U.S. National Security Adviser Susan Rice confirmed that Idaho native and U.S. Army Sgt. Bowe Bergdahl "had lost ... a good bit of weight," and that his life was deteriorating, triggering the U.S. to act quickly to save Bergdahl's life.
As part of a swap for five high-profile Taliban leaders, who had been detained at the Guantanamo detention facility, Bergdahl was handed over to U.S. forces May 31. Bergdahl is now recovering at Landstuhl Regional Medical Center in Germany, where he is also expected to be debriefed. Soon thereafter, Bergdahl will likely go to Brooke Army Medical Center in San Antonio. It was still unclear where his parents might see him first—in Germany or Texas.

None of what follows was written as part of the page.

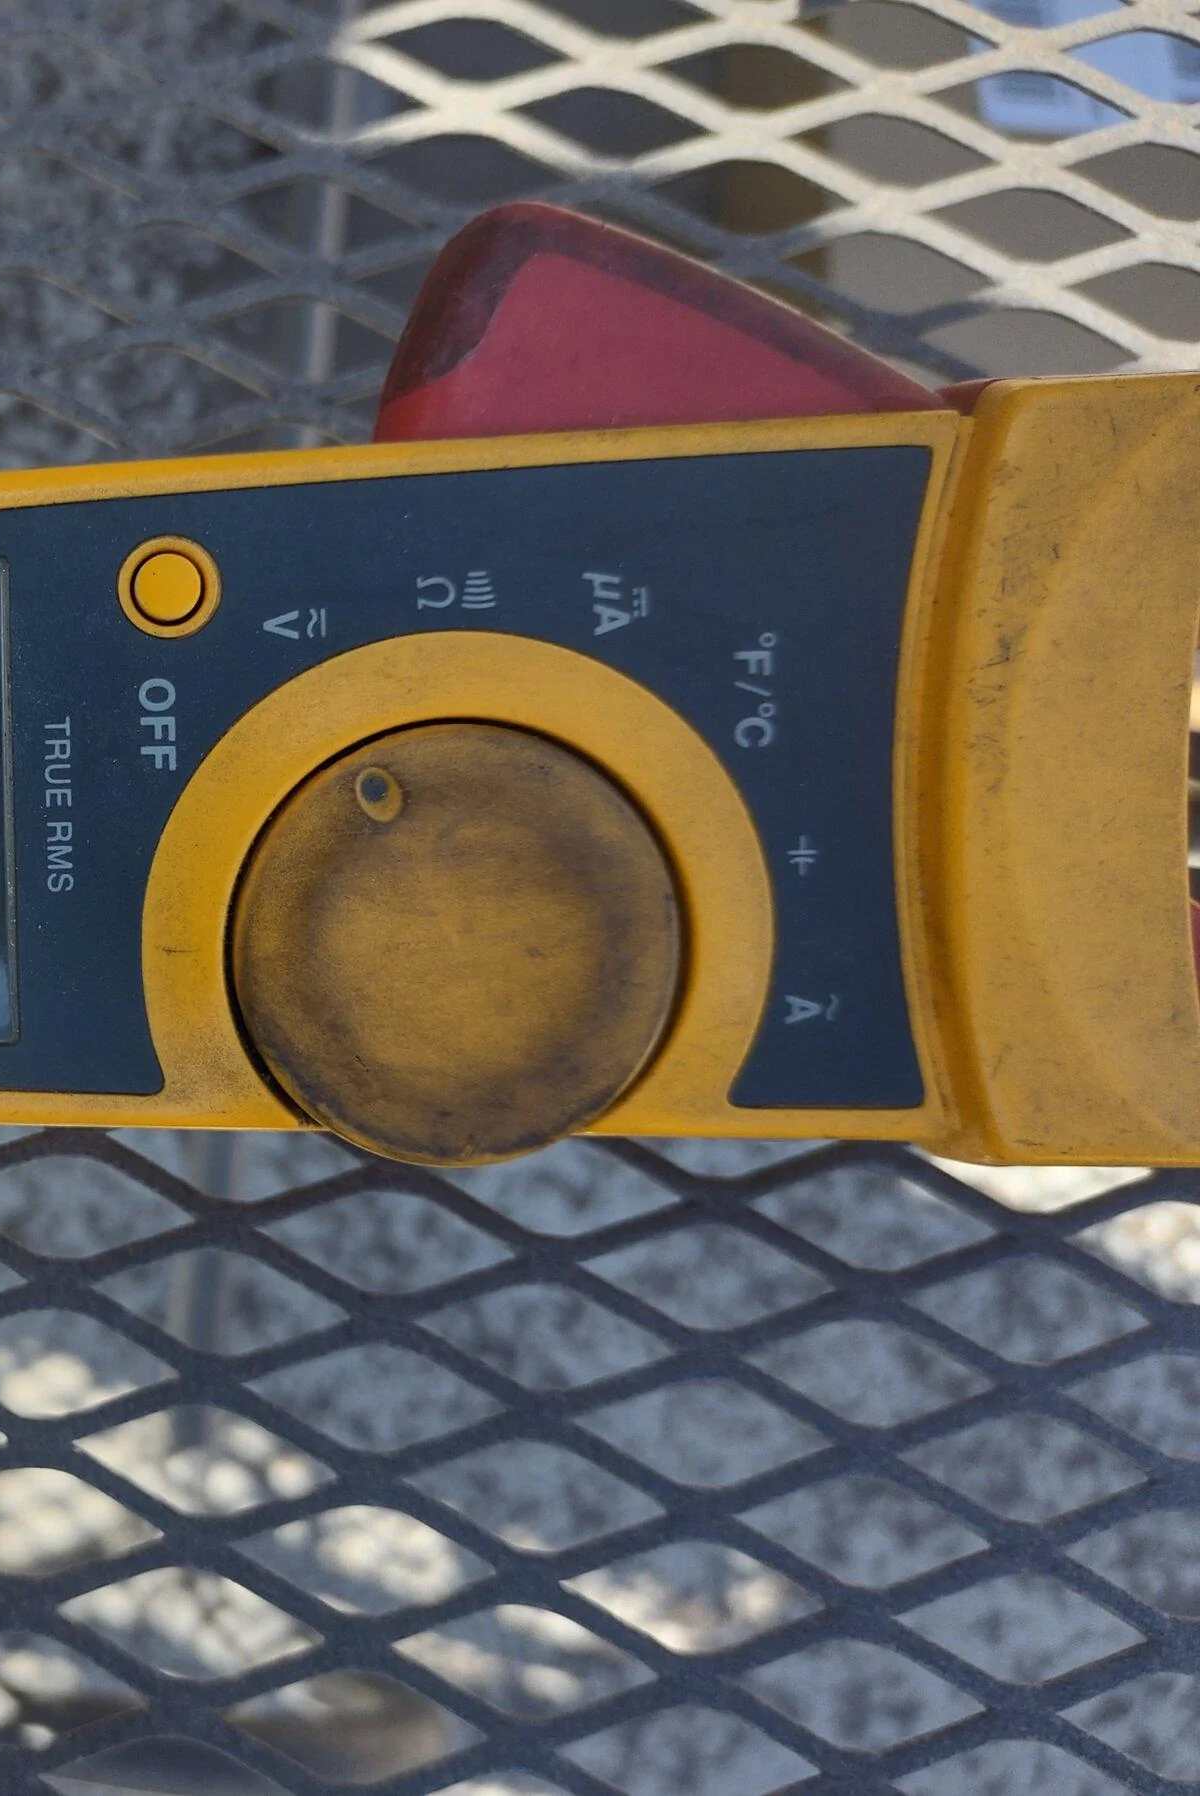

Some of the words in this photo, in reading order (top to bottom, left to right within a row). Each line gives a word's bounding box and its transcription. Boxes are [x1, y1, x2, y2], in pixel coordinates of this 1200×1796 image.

[43, 716, 73, 808] TRUE
[138, 677, 177, 772] OFF
[46, 821, 75, 893] RMS

"His process of repatriation has begun, and reintegration into society," said White House spokesman Jay Carney. "I'm sure it will not be an easy one, but we're overjoyed on behalf of his parents and his friends and family that he's returning home."

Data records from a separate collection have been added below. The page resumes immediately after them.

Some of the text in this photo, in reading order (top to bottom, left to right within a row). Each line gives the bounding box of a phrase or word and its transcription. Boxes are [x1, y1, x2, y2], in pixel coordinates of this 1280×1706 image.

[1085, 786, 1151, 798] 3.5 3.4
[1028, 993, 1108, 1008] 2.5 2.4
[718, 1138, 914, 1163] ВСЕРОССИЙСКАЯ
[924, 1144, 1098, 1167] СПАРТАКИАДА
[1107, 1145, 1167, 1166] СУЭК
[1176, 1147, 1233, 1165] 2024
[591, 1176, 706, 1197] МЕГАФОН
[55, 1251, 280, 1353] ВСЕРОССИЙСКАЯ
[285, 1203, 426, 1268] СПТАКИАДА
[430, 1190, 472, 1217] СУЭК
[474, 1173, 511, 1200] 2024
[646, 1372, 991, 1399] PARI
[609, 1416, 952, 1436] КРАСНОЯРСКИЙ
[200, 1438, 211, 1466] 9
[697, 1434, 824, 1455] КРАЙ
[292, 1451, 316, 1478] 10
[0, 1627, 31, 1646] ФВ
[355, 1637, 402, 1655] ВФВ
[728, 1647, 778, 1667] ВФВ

But controversy continues to creep around Bergdahl's captivity. When asked June 1 whether Bergdahl had left his post without permission, or possibly even deserted, U.S. Defense Secretary Chuck Hagel would not answer directly.
"Our first priority is assuring his well-being and his health and getting him reunited with his family," said Hagel. "Other circumstances that may develop and questions, those will be dealt with later."
But a senior Defense official told CNN on condition of anonymity that "Five years is enough," and Bergdahl would not likely face any punishment.